6) Transfer this -No. 10 material to a one-pint jar and label it as "-#10 - Experiment No.3".

7) Steps 3, 4, 5, & 6 constitute the materials for Experiment No. 3, Steps l and 2 (a-h).

8) Record the weight of a crystallizing dish and watch glass in Table 1 on Data Sheet A of Experiment No. 3.

9) From the jar of -No. 10 material of step 6 select a representative sample of approximately 50 grams; place in the weighed crystallizing dish and watch glass and weigh the container plus soil sample on an electronic top loading balance to 0.01 gm. Record this weight in Table 1.

10) Remove the watch glass and place beneath the crystallizing dish and put both, together with the sample, in the electric oven at 110oC. If some soil has adhered to the watch glass, place the glass beside the crystallizing dish in the oven. Samples must be dried to a constant weight which, for clays and clay soils usually requires no less than 12 hours for samples weighing 50 grams or less and no less than 24 hours for samples weighing 100 to 200 grams. the laboratory. [NOTE: If the experiment is being performed during a regularly scheduled lab session, the soil will be allowed to dry until the next meeting of the laboratory.]

11) After drying to constant weight, remove the crystallizing dish and watch glass from the oven, and cover the soil sample with the watch glass so that it will not absorb moisture from the atmosphere. Place the container in a dessicator to cool; remove after cooling to room temperature, and weigh to 0.01 gm. on the electronic top loading balance. Record the weight in Table 1.

12) Compute the moisture content and record in Table 1.

13) Steps 8-12 constitute the procedure of Experiment No. 3, Steps 3-9.

14) Record the weight of an evaporating dish in Table 5 on Data Sheet B of Experiment 3.

15) From the jar of -No. 10 material of step 6, select a representative sample of approximately 75 grams, place in the weighed evaporating dish and-weigh the dish plus soil on the electronic top loading balance to 0.01 gm. Record this weight in Table 5 on Data Sheet B of Experiment No. 3.

16) Add sufficient distilled water to the evaporating dish to cover the soil samples with approximately 1/4 inch of water; stir until the soil is thoroughly wetted.

17) Add 100 ml. of the dispersing agent to this soil-water mixture, stir thoroughly and transfer the entire soil-water mixture to a one-pint jar; screw on the cap, but do not tighten the cap, to create air-tightness. This will, of course, prevent evaporation and contamination from dust while permitting the chemical reaction to take place under atmospheric temperature and pressure. Be careful that in this transferral not a single drop of this soil-water mixture is lost since the soil sample itself represents a definite weighed quantity from Step 15. A wash bottle or syringe filled with distilled water is a very convenient device for making this transferral. Label the jar: "-#10 Experiment No. 3 - Hydrometer Analysis".

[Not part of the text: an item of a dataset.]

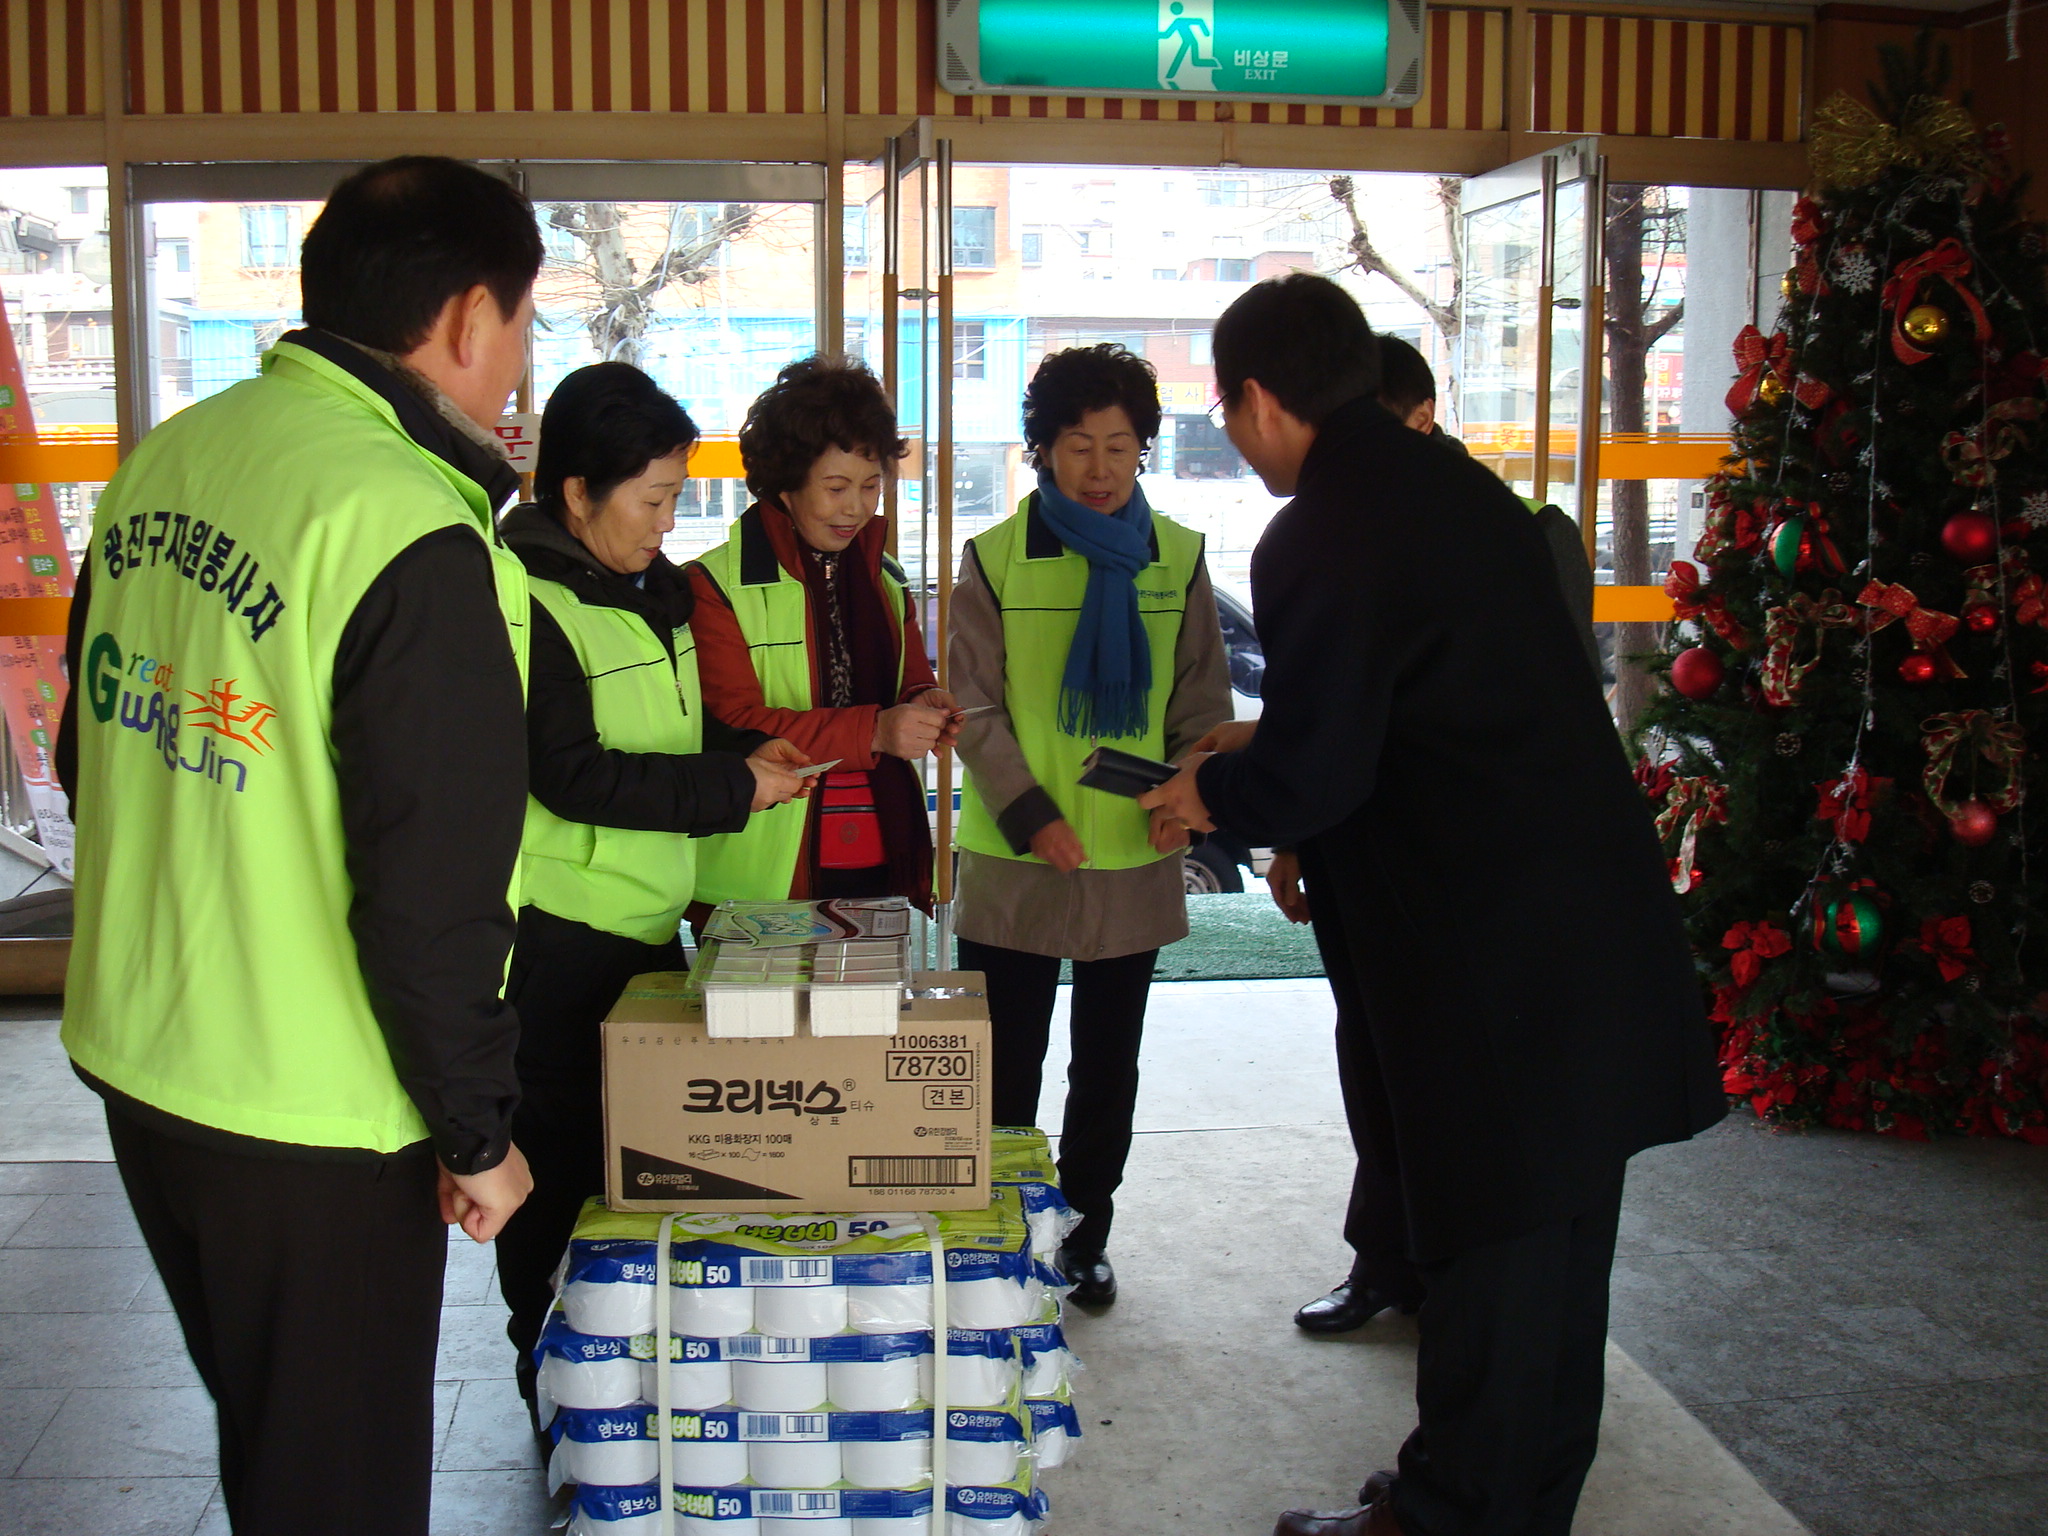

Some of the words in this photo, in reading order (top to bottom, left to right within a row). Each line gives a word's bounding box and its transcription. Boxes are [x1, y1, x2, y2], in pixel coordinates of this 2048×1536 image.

18) Allow the soil-water mixture to soak for at least 18 hours.

19) Steps 14-18 constitute the procedures of Experiment No. 3, Steps 14-17.

20) From the jar of -No. 10 material of step 6 select a representative sample of approximately 75 grams. Place this sample in a one pint jar and label it: "-#10 - Experiment No. 2 - Specific Gravity".

21) From the jar of -No. 10 material of step 6 select a representative sample of approximately 100 grams.

22) Using a sieve brush and the fingers, work this material through the No. 40 sieve. Observe the caution of 3(e). Discard the +No. 40 material.

23) Transfer the -No. 40 material to a one-pint jar and label it: "-#40 - Experiment No. 4".

24) Repeat steps 21-23 until a sample of about 225 grams has been obtained. This soil constitutes the material for several parts of Experiment No. 4.

25) Retain any -No. 10 material remaining from step 6 in a separate jar, should any parts of experiments 2-5 have to be repeated.